The group will meet in Las Vegas later this year. In October, thousands of women attended a convention in Detroit, attending trainings sessions for candidates and others on coalition building and countering white supremacy. It also paved the way, organizers believe, for the #MeToo moment, a social upswell in which women have come forward to share experiences of sexual assault and harassment.

Gwen Combs, an elementary school teacher in Little Rock, Arkansas, is one of the women hoping to bring a Democratic wave that topples Republicans from their majority in Congress.

Combs spent much of the presidential election biting her tongue. Barred from discussing politics in the classroom, the teacher couldn’t answer her students’ questions about what a Trump presidency might mean for an immigrant parent or a minority classmate.

After the election, she was demoralized and couldn’t stop thinking about her students. “It moved me. It moved me to want to make a safer world for these kids,” she said.

Like hundreds of thousands of other women, Combs stumbled on a Facebook group for a massive march on Washington. She couldn’t afford a flight on short notice, so decided to organize one in Little Rock. She is now running for Arkansas’s second congressional district.

Updated

Hello and welcome to our rolling coverage of the second year of women’s marches to protest Donald Trump and his agenda.

The mass marches, planned all around the US for the anniversary of Trump’s inauguration, have coincided with another milestone: the federal government largely shut down after midnight on Saturday, for the first time in four years.

As the expiry clock ticked to midnight, the White House and factions of Democrats and Republicans in the Republican-controlled Congress failed to agree on a funding bill to keep the government open. The result is furlough for hundreds of thousands of government employees; an interruption of medical trials and scientific research; and one million active-duty military personnel who will serve without pay until the shutdown ends.

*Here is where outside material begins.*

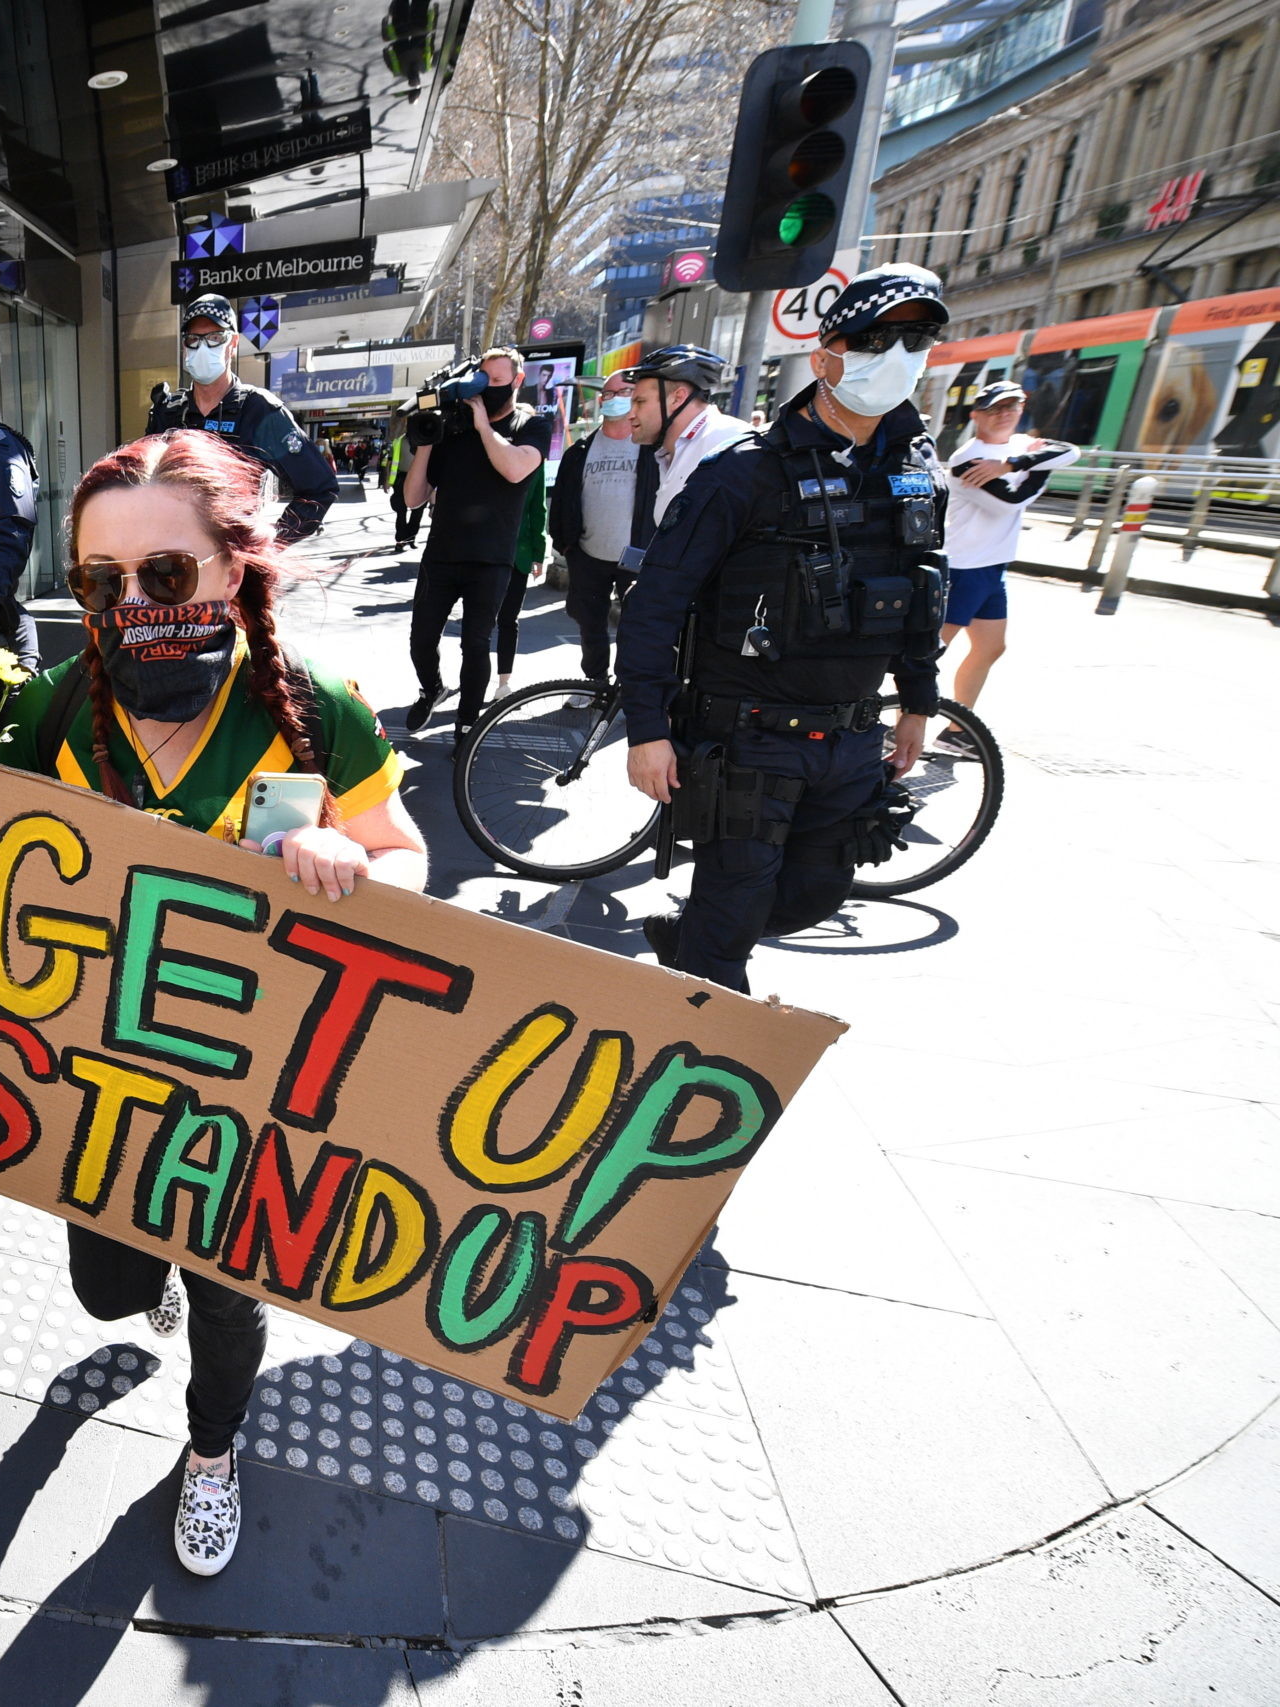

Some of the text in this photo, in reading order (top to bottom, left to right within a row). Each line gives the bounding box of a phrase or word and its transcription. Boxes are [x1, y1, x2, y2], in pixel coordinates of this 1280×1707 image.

Republicans are divided between those intent on a short-term funding measure and fiscal conservatives, while Democrats have pressed for deals on continuing a children’s healthcare program and protections for young undocumented immigrants. Just over a week ago, the president squashed a potential bipartisan compromise on immigration during a meeting with senators, to whom he disparaged “shithole countries”.

Trump has indefinitely postponed his planned trip to his Florida resort, Mar-a-Lago, while negotiations in Congress continue.

We’ll be covering the talks and the marches in Washington, New York, Los Angeles and elsewhere.